» **ASSIGNED TASK**:
Print all of the records. Exclude the images.

━━━ INFORMATION SHOWN

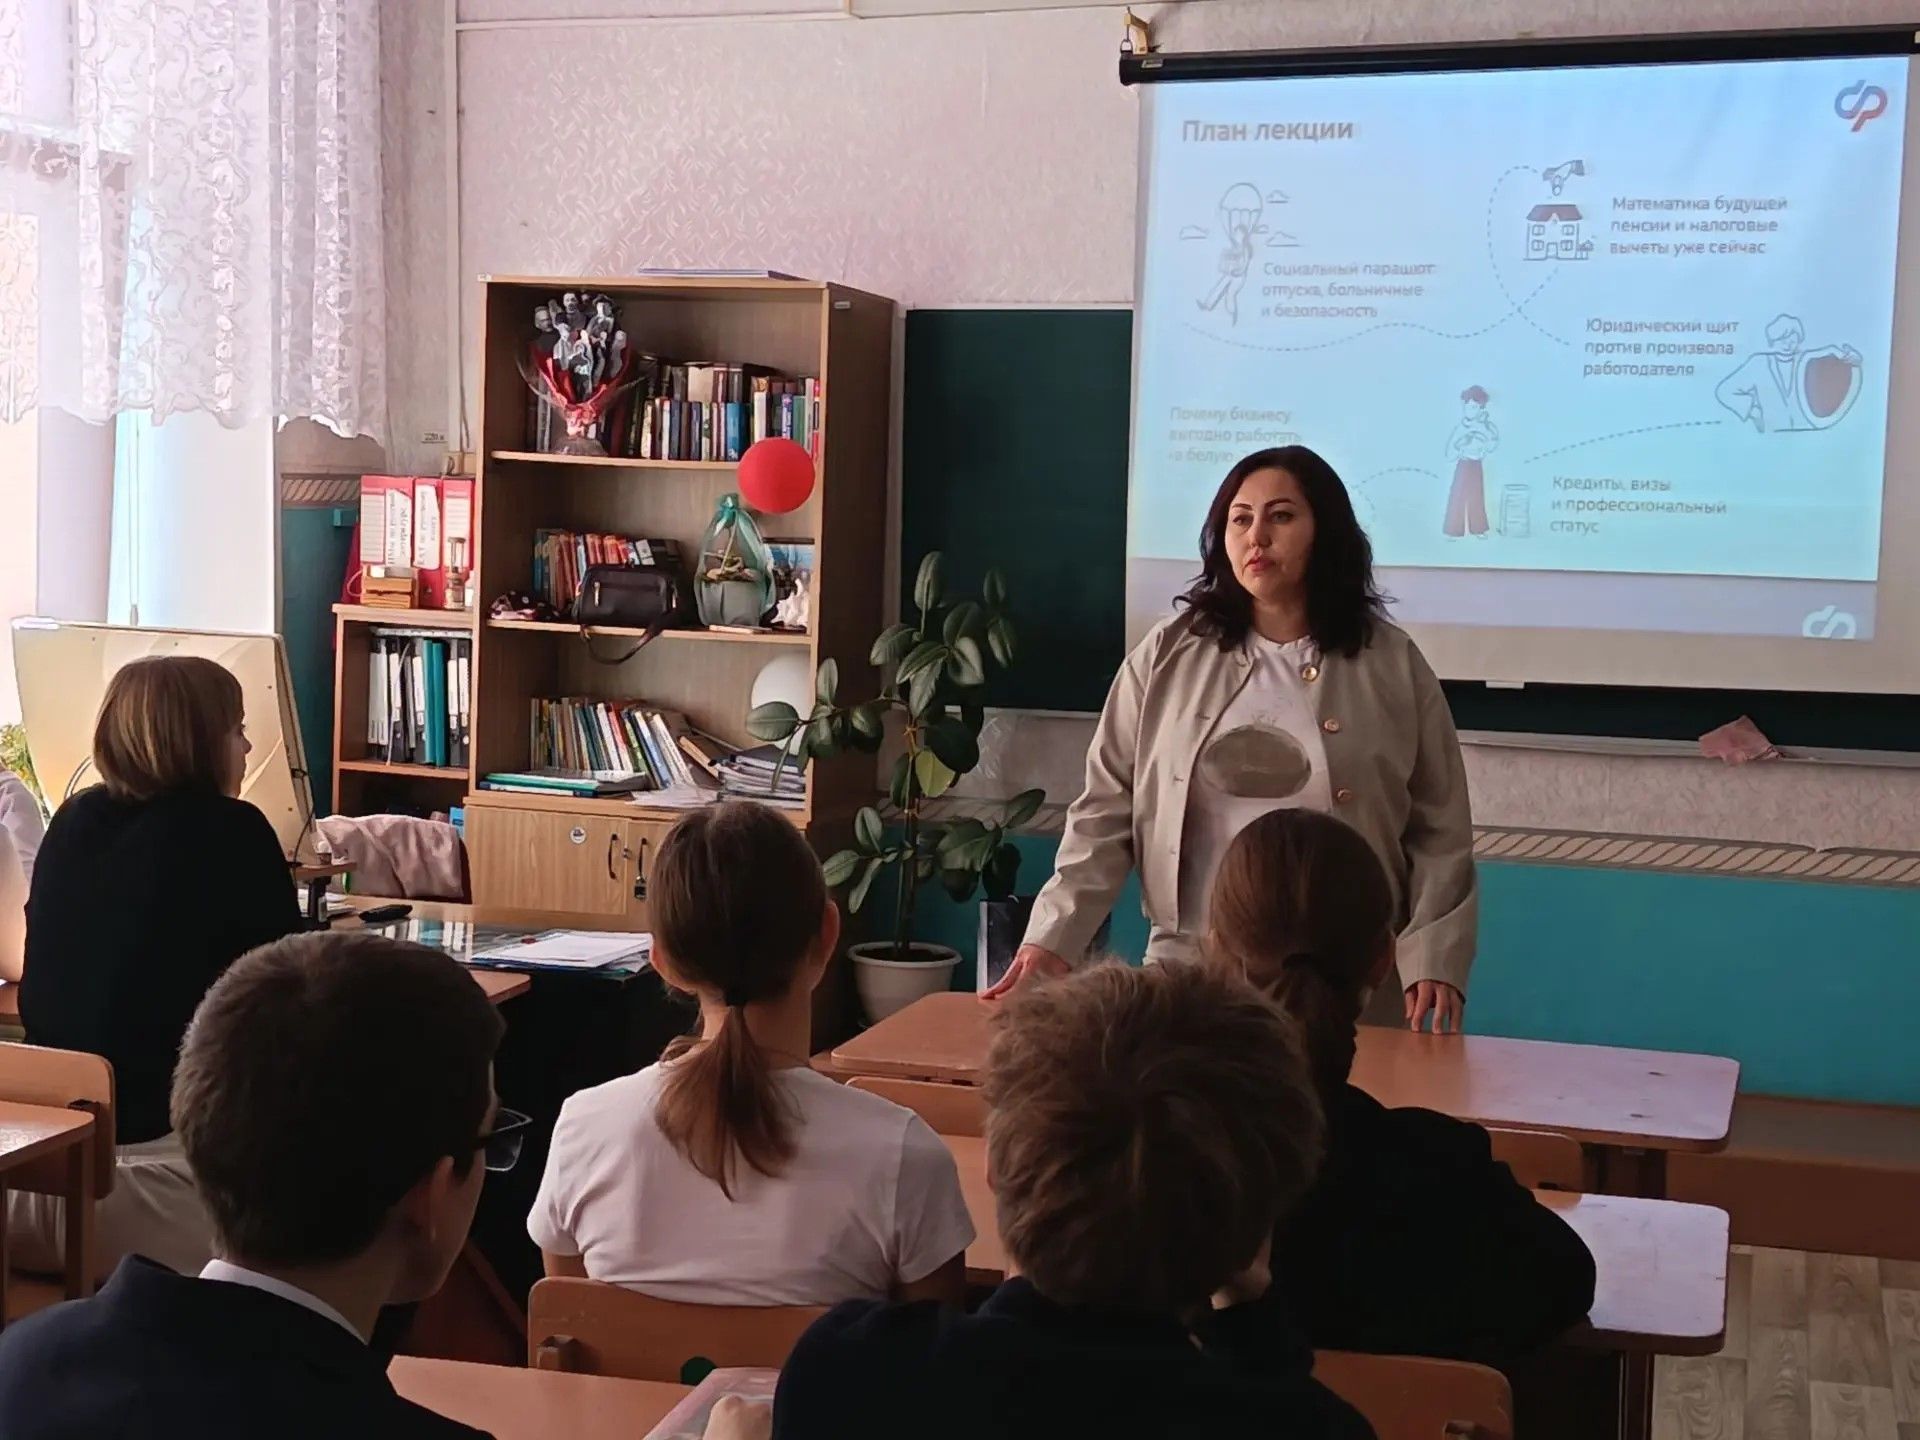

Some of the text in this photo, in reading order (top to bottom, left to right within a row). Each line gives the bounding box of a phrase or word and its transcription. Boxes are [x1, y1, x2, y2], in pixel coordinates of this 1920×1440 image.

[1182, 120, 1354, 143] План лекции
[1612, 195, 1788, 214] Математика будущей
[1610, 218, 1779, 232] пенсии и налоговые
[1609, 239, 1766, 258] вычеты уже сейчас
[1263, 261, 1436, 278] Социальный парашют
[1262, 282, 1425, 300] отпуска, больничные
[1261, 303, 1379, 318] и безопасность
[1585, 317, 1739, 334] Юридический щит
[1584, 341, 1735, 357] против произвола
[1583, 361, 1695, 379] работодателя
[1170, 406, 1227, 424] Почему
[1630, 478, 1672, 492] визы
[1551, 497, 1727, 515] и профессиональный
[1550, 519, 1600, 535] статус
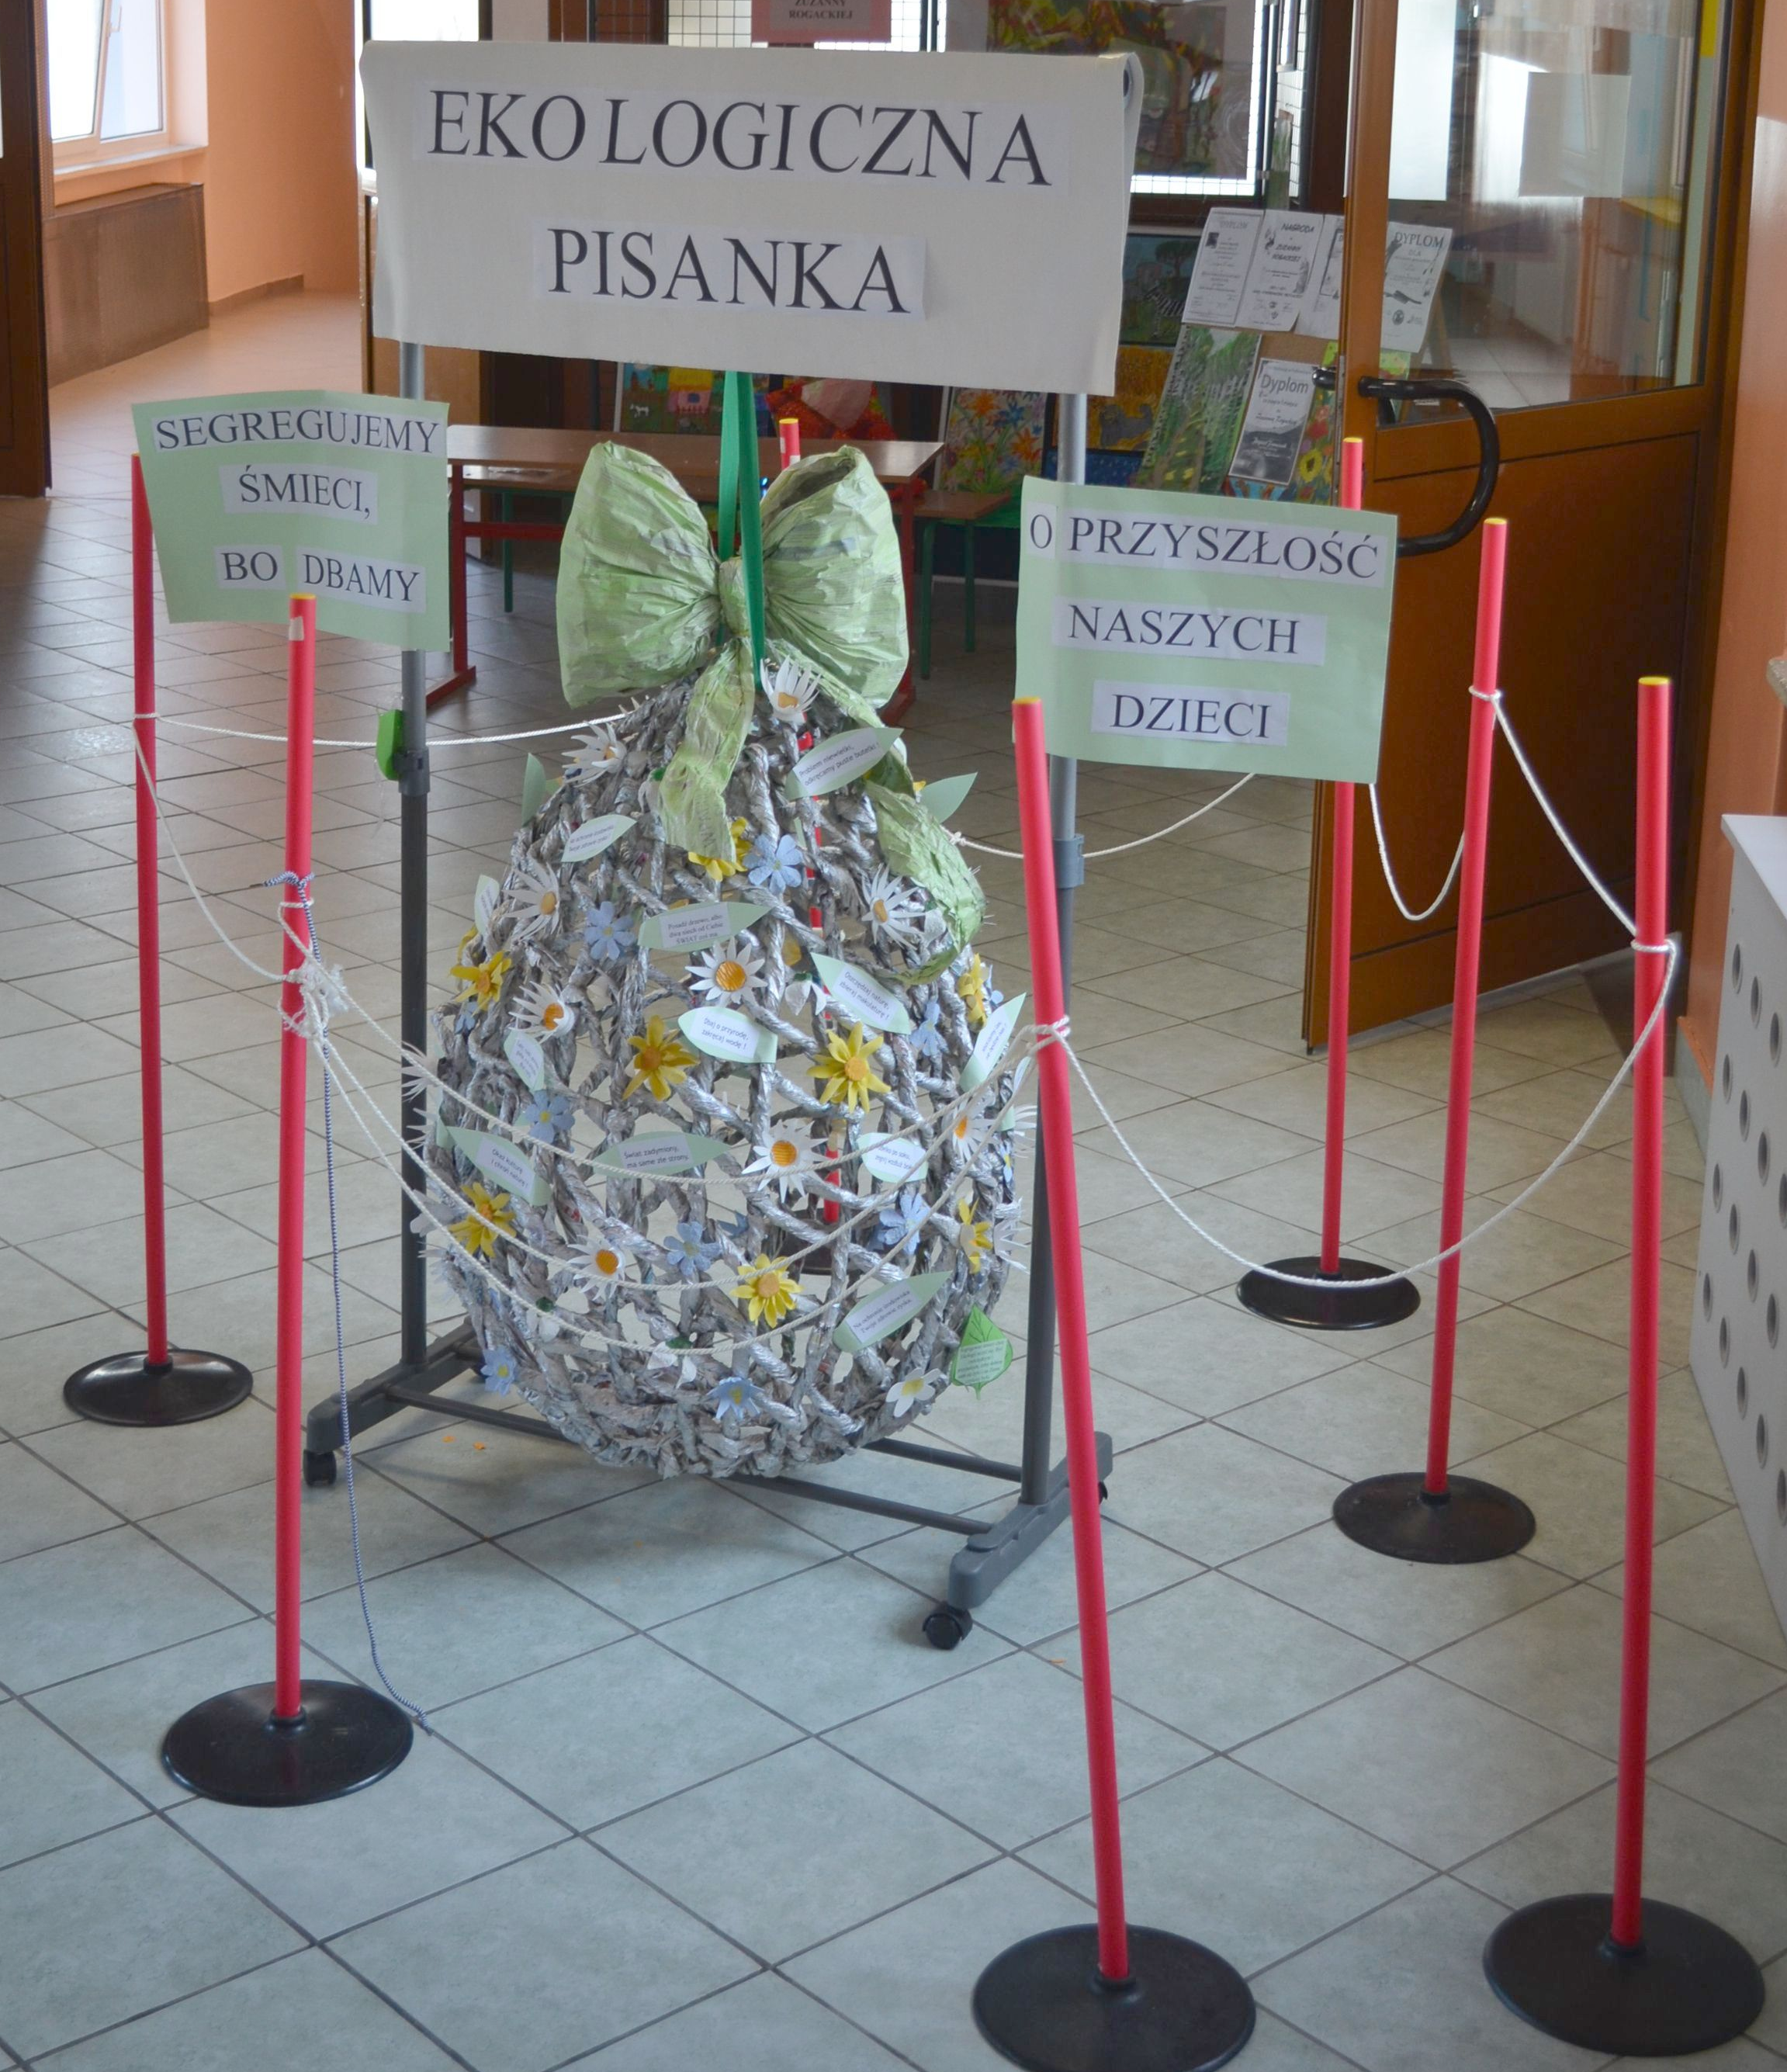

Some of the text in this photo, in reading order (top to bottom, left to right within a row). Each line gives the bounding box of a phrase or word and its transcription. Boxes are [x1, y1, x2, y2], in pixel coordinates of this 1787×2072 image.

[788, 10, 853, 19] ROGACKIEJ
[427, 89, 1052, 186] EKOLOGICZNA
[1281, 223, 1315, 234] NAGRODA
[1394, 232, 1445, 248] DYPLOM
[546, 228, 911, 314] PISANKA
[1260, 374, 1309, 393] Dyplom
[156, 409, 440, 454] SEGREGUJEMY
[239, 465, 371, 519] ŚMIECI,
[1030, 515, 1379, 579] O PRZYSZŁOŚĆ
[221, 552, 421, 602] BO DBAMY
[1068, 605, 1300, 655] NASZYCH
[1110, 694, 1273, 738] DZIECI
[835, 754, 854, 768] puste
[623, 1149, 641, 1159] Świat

━━━━━━

» **RESPONSE TO THE TASK**:
Some of the text in this photo, in reading order (top to bottom, left to right within a row). Each line gives the bounding box of a phrase or word and its transcription. Boxes are [x1, y1, x2, y2], in pixel coordinates of this 1920×1440 image.

[1182, 120, 1354, 143] План лекции
[1612, 195, 1788, 214] Математика будущей
[1610, 218, 1779, 232] пенсии и налоговые
[1609, 239, 1766, 258] вычеты уже сейчас
[1263, 261, 1436, 278] Социальный парашют
[1262, 282, 1425, 300] отпуска, больничные
[1261, 303, 1379, 318] и безопасность
[1585, 317, 1739, 334] Юридический щит
[1584, 341, 1735, 357] против произвола
[1583, 361, 1695, 379] работодателя
[1170, 406, 1227, 424] Почему
[1630, 478, 1672, 492] визы
[1551, 497, 1727, 515] и профессиональный
[1550, 519, 1600, 535] статус

Some of the text in this photo, in reading order (top to bottom, left to right within a row). Each line gives the bounding box of a phrase or word and its transcription. Boxes are [x1, y1, x2, y2], in pixel coordinates of this 1787×2072 image.

[788, 10, 853, 19] ROGACKIEJ
[427, 89, 1052, 186] EKOLOGICZNA
[1281, 223, 1315, 234] NAGRODA
[1394, 232, 1445, 248] DYPLOM
[546, 228, 911, 314] PISANKA
[1260, 374, 1309, 393] Dyplom
[156, 409, 440, 454] SEGREGUJEMY
[239, 465, 371, 519] ŚMIECI,
[1030, 515, 1379, 579] O PRZYSZŁOŚĆ
[221, 552, 421, 602] BO DBAMY
[1068, 605, 1300, 655] NASZYCH
[1110, 694, 1273, 738] DZIECI
[835, 754, 854, 768] puste
[623, 1149, 641, 1159] Świat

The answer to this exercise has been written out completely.